Repros Therapeutics submitted NDA 022179 for Androxal (enclomiphene citrate 12.5 mg and 25 mg) in 2013 and 2015. The FDA issued complete response letters citing insufficient cardiovascular outcome data rather than primary safety concerns. The drug was never approved. Compounding pharmacies now supply enclomiphene under the 503A and 503B frameworks of the Drug Quality and Security Act, which means quality and bioavailability standards vary by pharmacy. The American Urological Association 2018 guideline on male infertility acknowledges empiric SERM use for hypogonadotropic hypogonadism as an option with moderate evidence. The full AUA guideline text is available at the AUA's official site.
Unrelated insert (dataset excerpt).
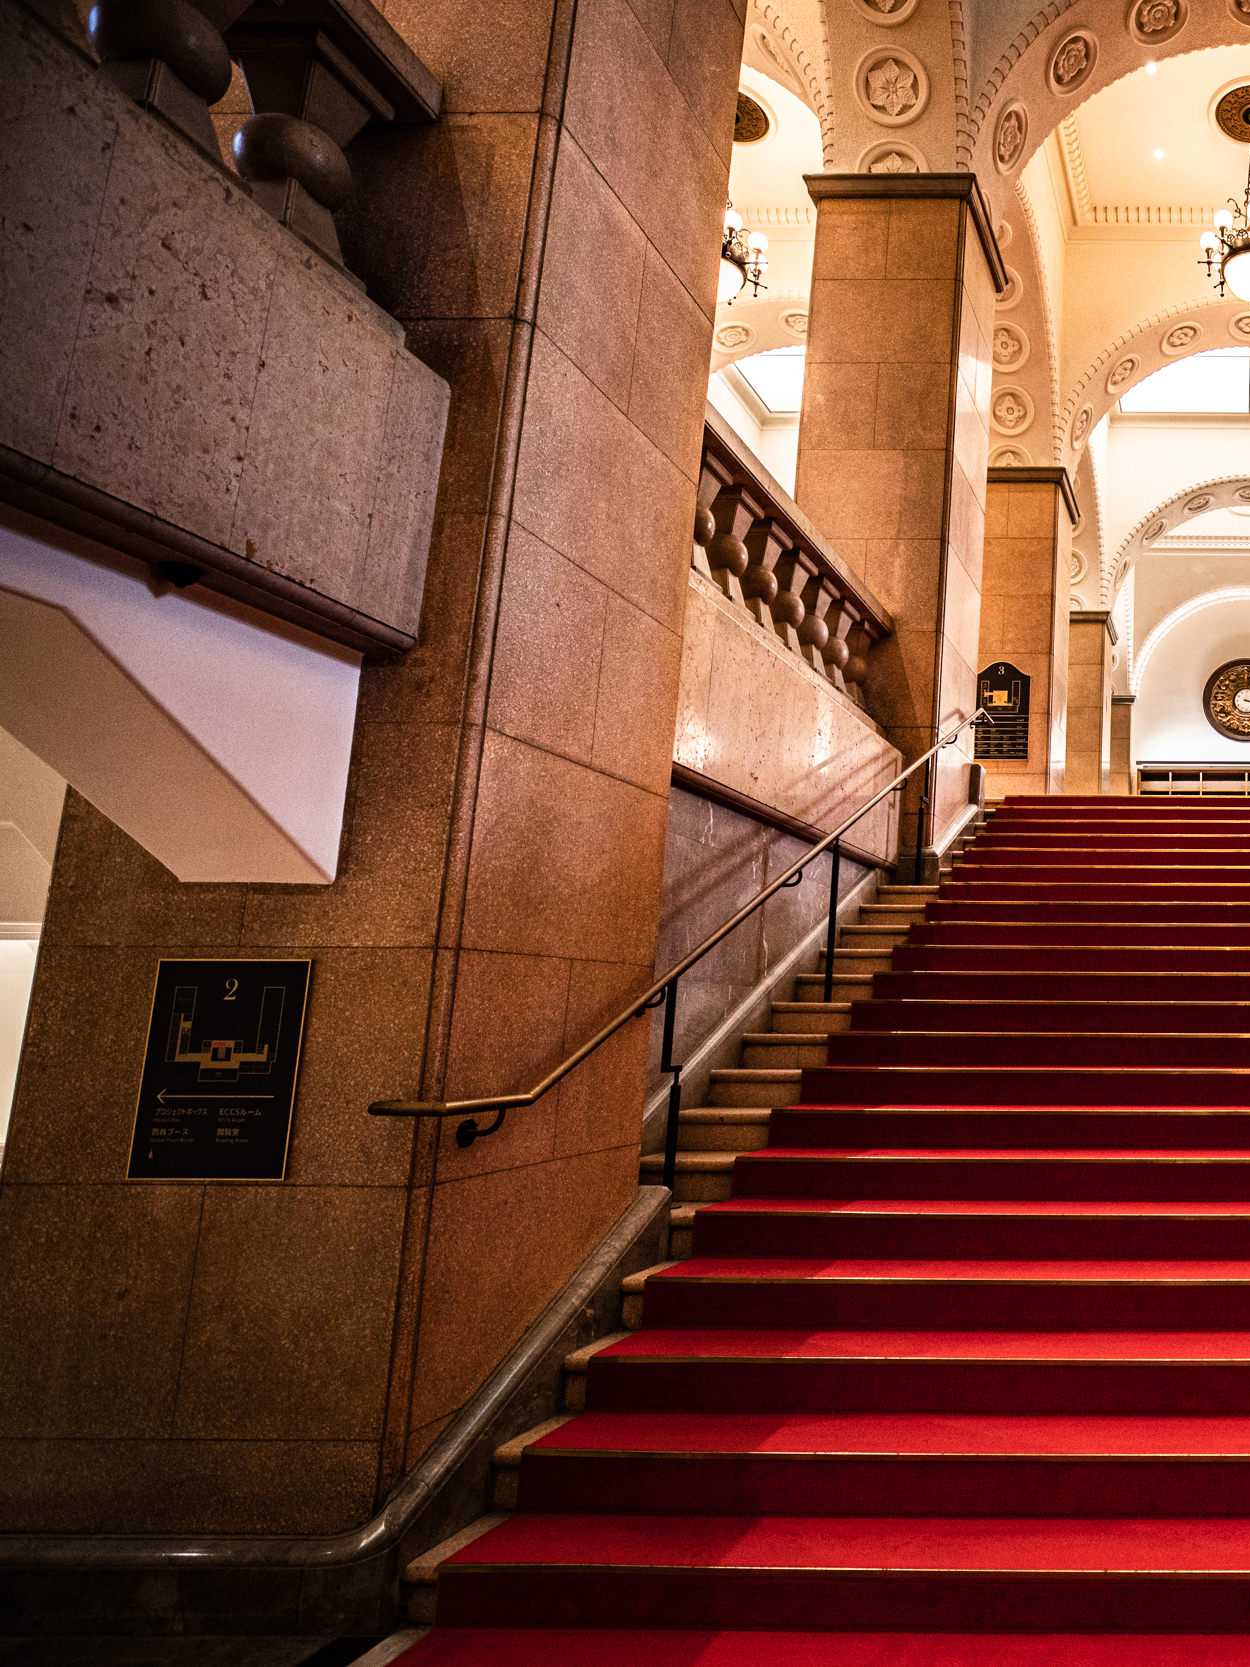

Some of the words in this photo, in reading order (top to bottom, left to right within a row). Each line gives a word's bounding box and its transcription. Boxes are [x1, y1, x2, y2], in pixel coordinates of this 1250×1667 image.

Estradiol Management on Enclomiphene

Raising LH increases testicular testosterone output, and more substrate means more aromatase-mediated conversion to estradiol. About 15 to 20% of men on enclomiphene develop estradiol levels above 42 pg/mL (the upper threshold used in many men's health clinics). Gynecomastia and libido changes are the typical complaints. Some protocols add a low-dose aromatase inhibitor (anastrozole 0.5 mg twice weekly) at that point, though this combination lacks randomized trial support. Monitoring estradiol at each follow-up visit and adjusting before symptoms become bothersome is the standard of care at most telehealth men's health programs.

Lactation Safety: What the Evidence Does and Does Not Show

No published pharmacokinetic study has measured enclomiphene concentrations in human breast milk. None is likely forthcoming given ethical constraints. The available reasoning is therefore indirect and conservative.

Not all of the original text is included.